__Task__. The pictures are to be omitted when the entries are reproduced exactly.

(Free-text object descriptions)
● ● ● ● ●
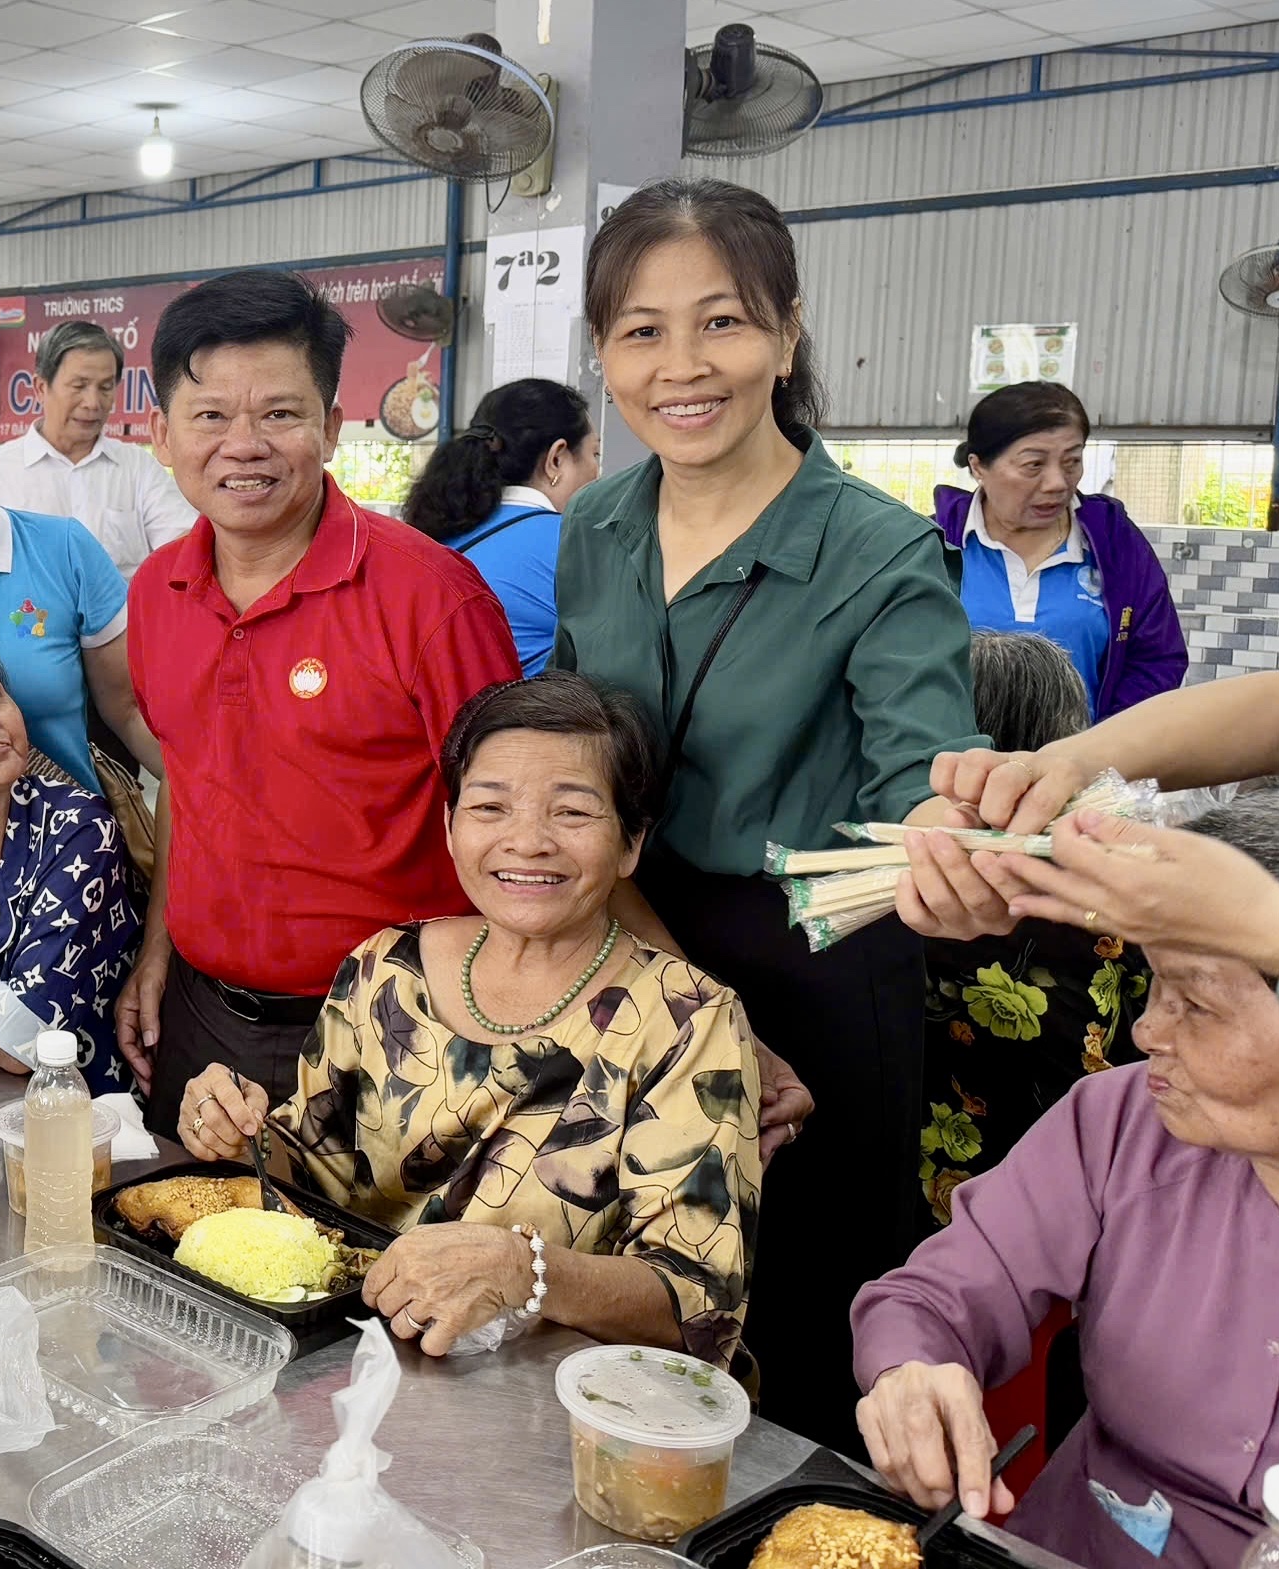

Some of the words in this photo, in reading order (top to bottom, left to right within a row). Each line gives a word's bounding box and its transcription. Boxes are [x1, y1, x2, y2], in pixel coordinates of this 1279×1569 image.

[346, 278, 369, 302] trên
[44, 297, 90, 317] TRƯỜNG
[93, 297, 125, 314] THCS
[123, 366, 161, 414] IN
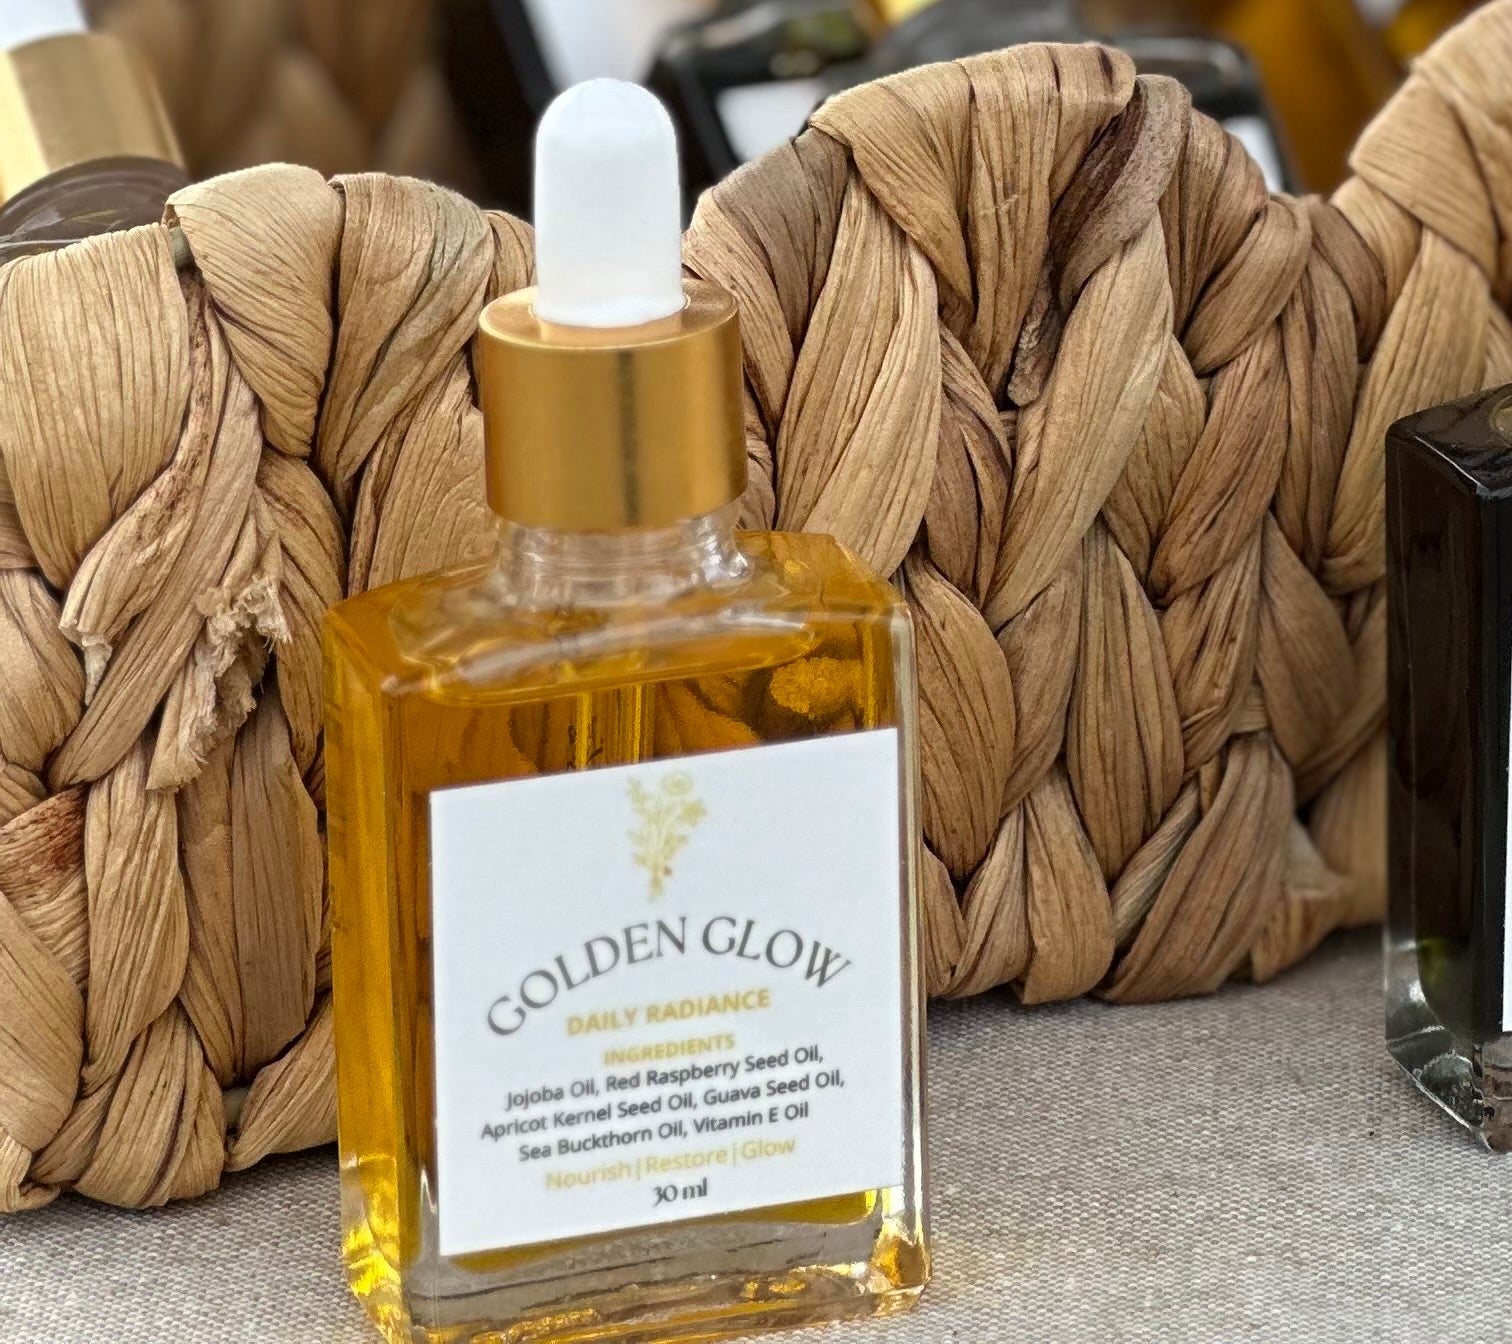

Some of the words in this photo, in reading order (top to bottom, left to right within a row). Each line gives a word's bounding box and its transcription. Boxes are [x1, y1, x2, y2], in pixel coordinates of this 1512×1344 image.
● ● ● ● ●
__Problem solution__.
Some of the words in this photo, in reading order (top to bottom, left to right within a row). Each line gives a word's bounding box and its transcription. Boxes are [x1, y1, x2, y2], in pixel coordinates of this 1279×1569 image.

[346, 278, 369, 302] trên
[44, 297, 90, 317] TRƯỜNG
[93, 297, 125, 314] THCS
[123, 366, 161, 414] IN

Some of the words in this photo, in reading order (top to bottom, left to right within a row). Each line gives a word's bounding box and its transcription. Boxes are [x1, y1, x2, y2], in pixel coordinates of this 1512×1344 image.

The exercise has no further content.